• Work order:
Could you repeat every entry below word for word, leaving out the pictures?

• Extracted data entries:
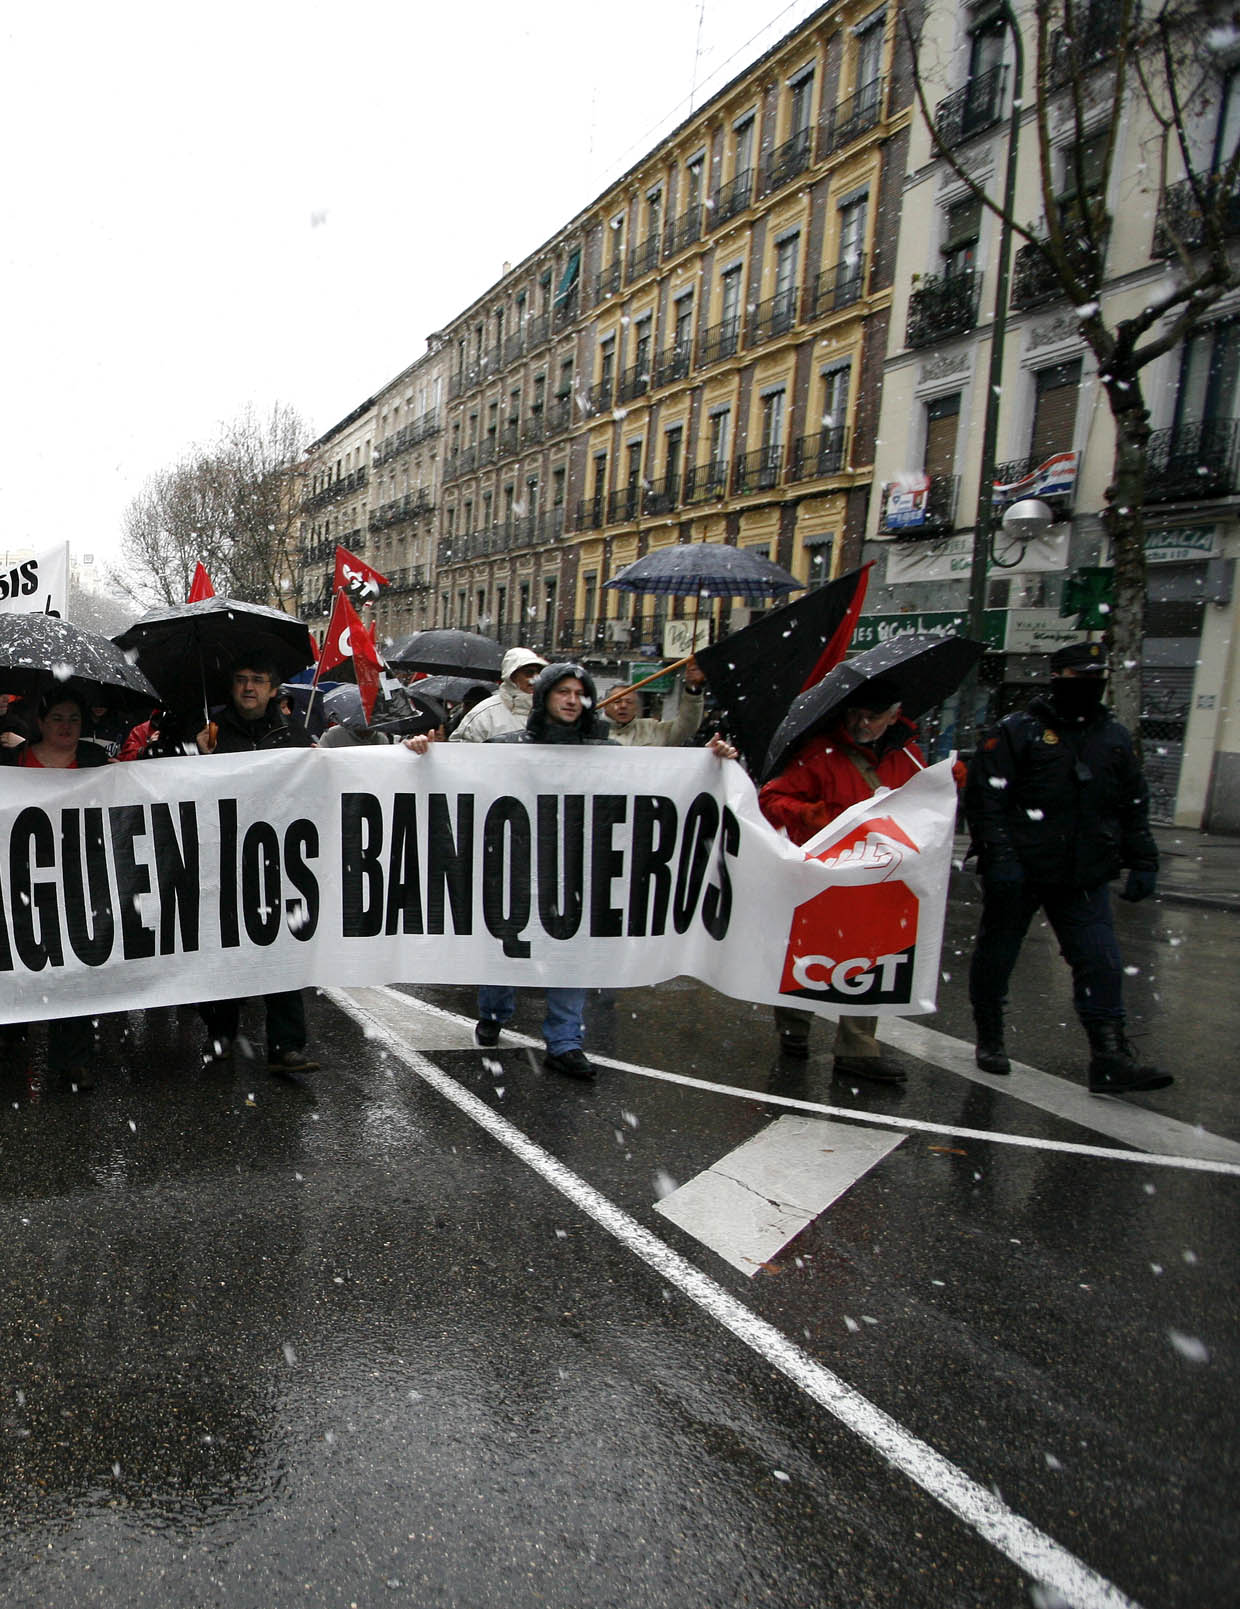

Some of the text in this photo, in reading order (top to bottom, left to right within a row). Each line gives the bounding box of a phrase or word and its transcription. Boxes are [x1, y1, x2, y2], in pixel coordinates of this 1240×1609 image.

[852, 626, 873, 646] JES
[218, 798, 320, 948] los
[341, 792, 741, 959] BANQUEROS
[792, 953, 909, 995] CGT
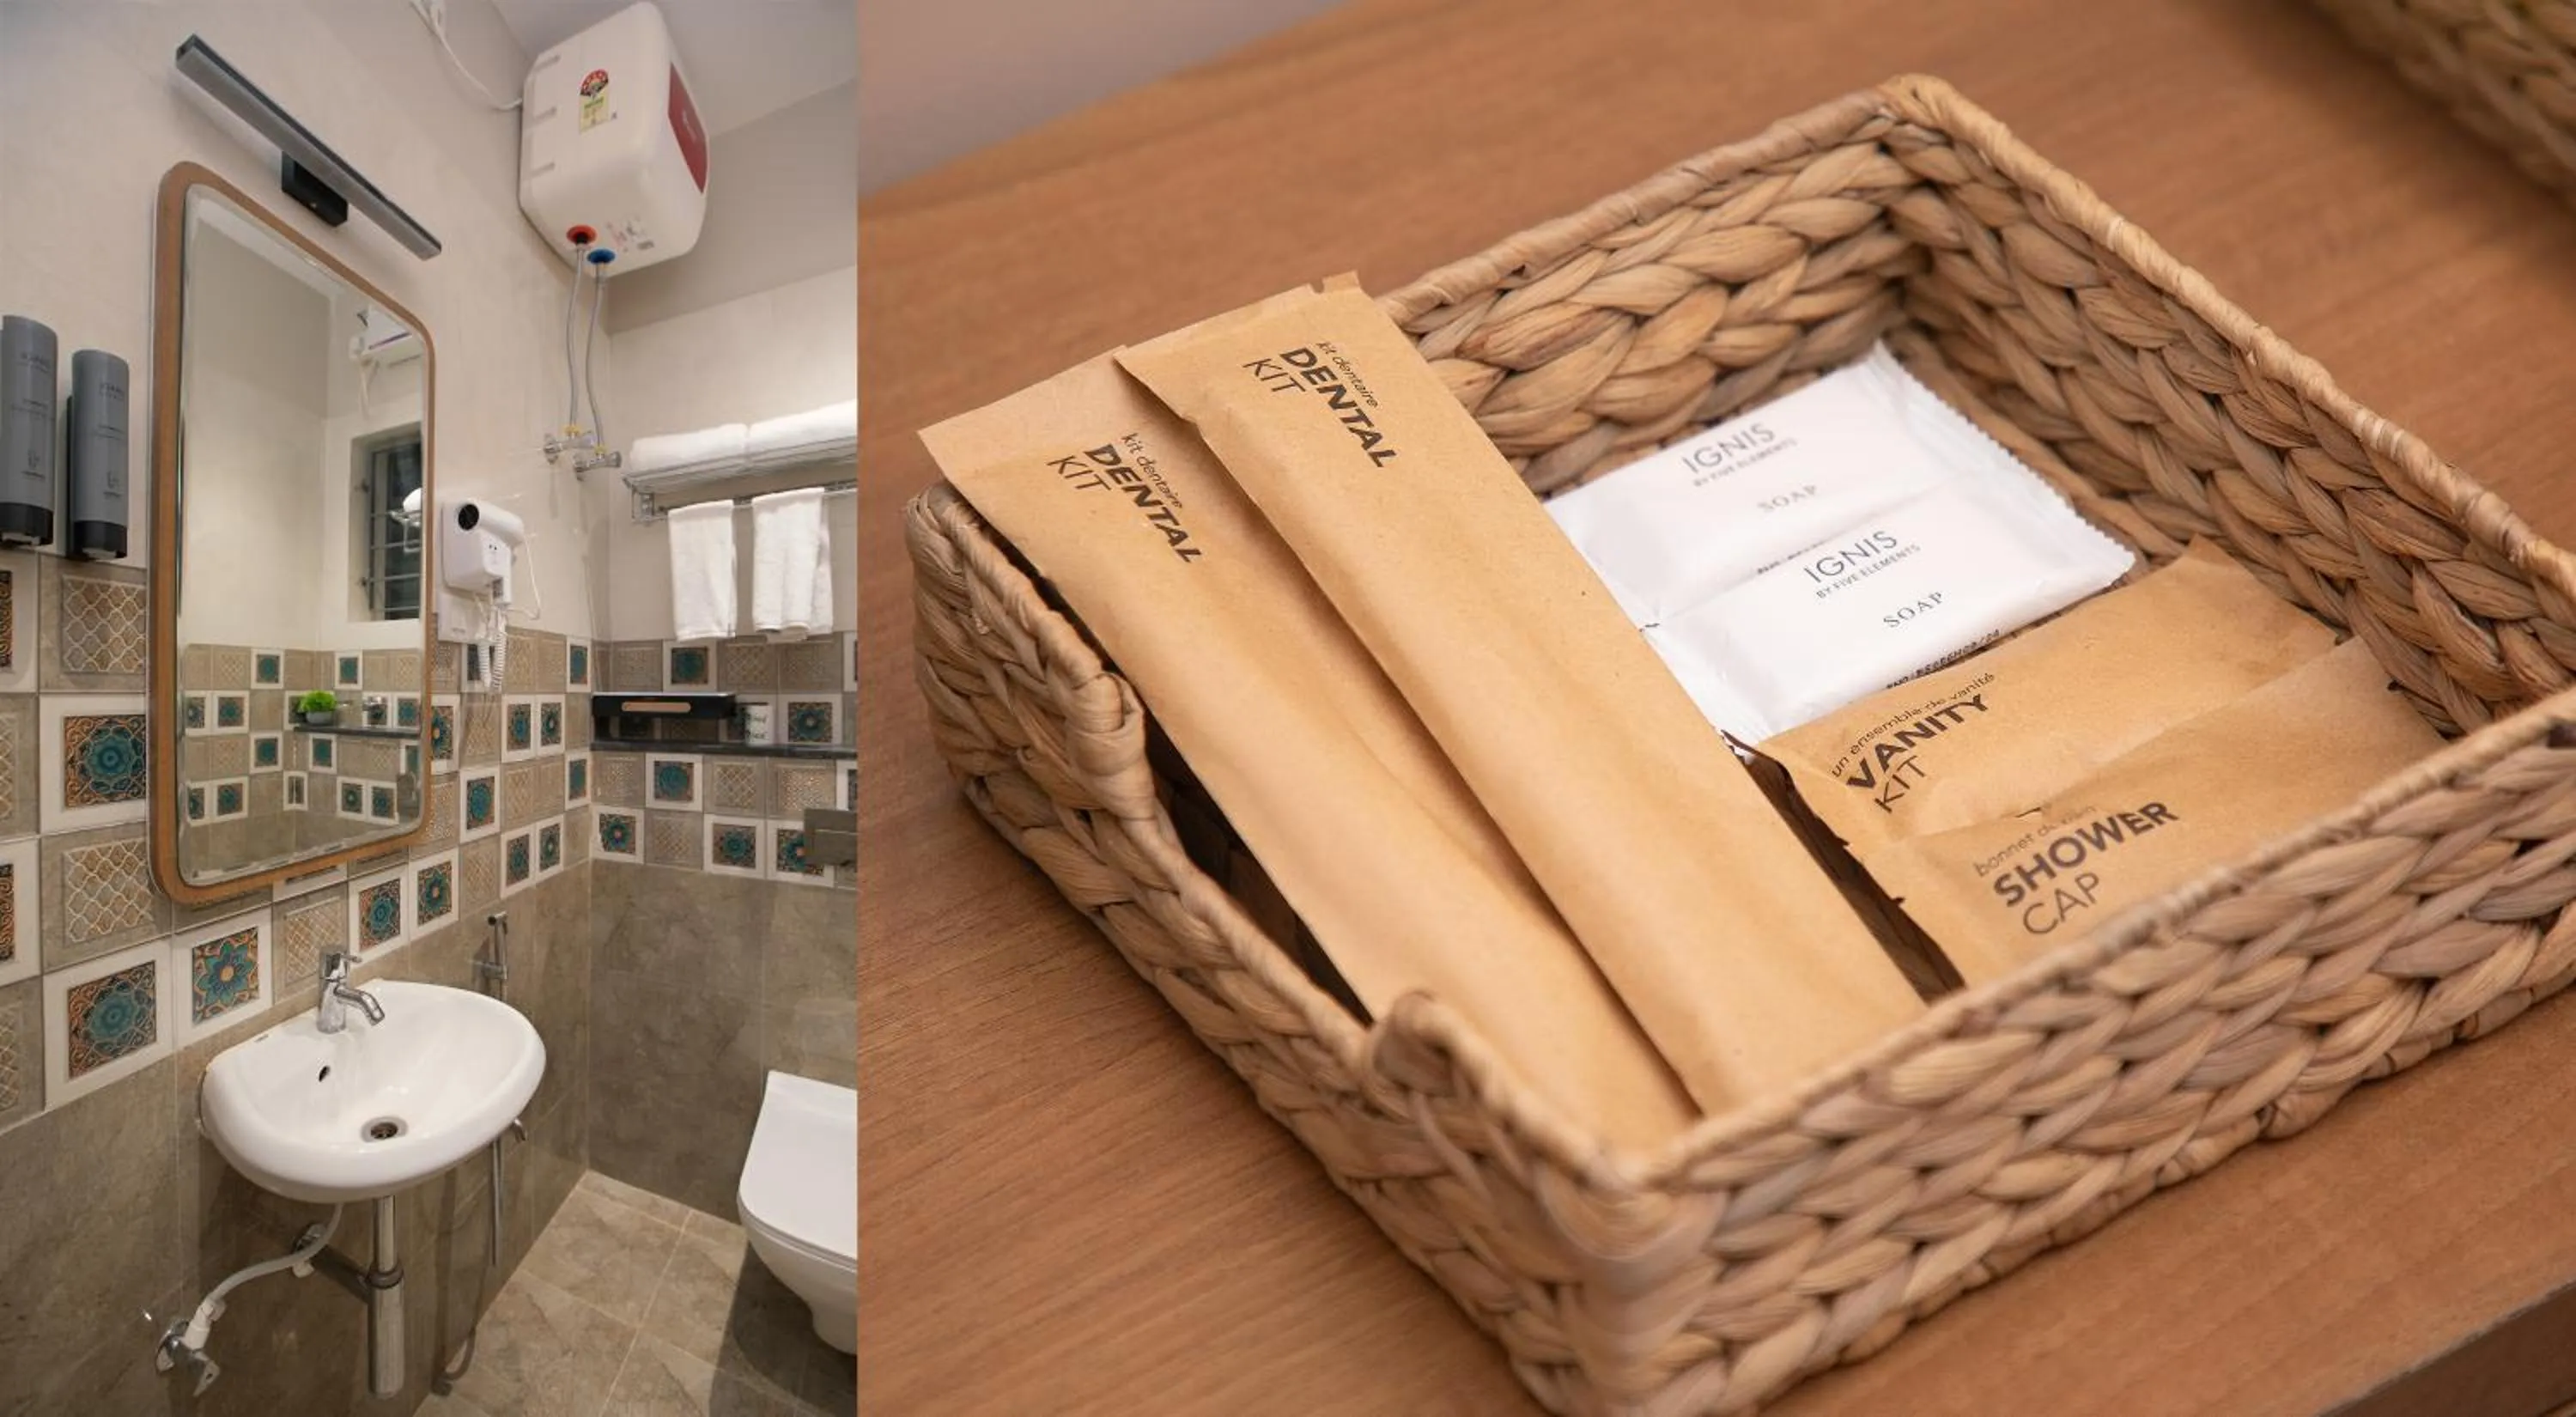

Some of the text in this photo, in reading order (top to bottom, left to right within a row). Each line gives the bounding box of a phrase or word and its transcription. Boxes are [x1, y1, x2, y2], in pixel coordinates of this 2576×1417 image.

• Answer section:
Some of the text in this photo, in reading order (top to bottom, left to right within a row). Each line gives the bounding box of a phrase or word and its transcription. Boxes are [x1, y1, x2, y2], in pixel coordinates of this 1240×1609 image.

[852, 626, 873, 646] JES
[218, 798, 320, 948] los
[341, 792, 741, 959] BANQUEROS
[792, 953, 909, 995] CGT

Some of the text in this photo, in reading order (top to bottom, left to right within a row). Each line gives the bounding box of a phrase or word and its transcription. Boxes are [x1, y1, x2, y2], in pixel coordinates of this 2576×1417 image.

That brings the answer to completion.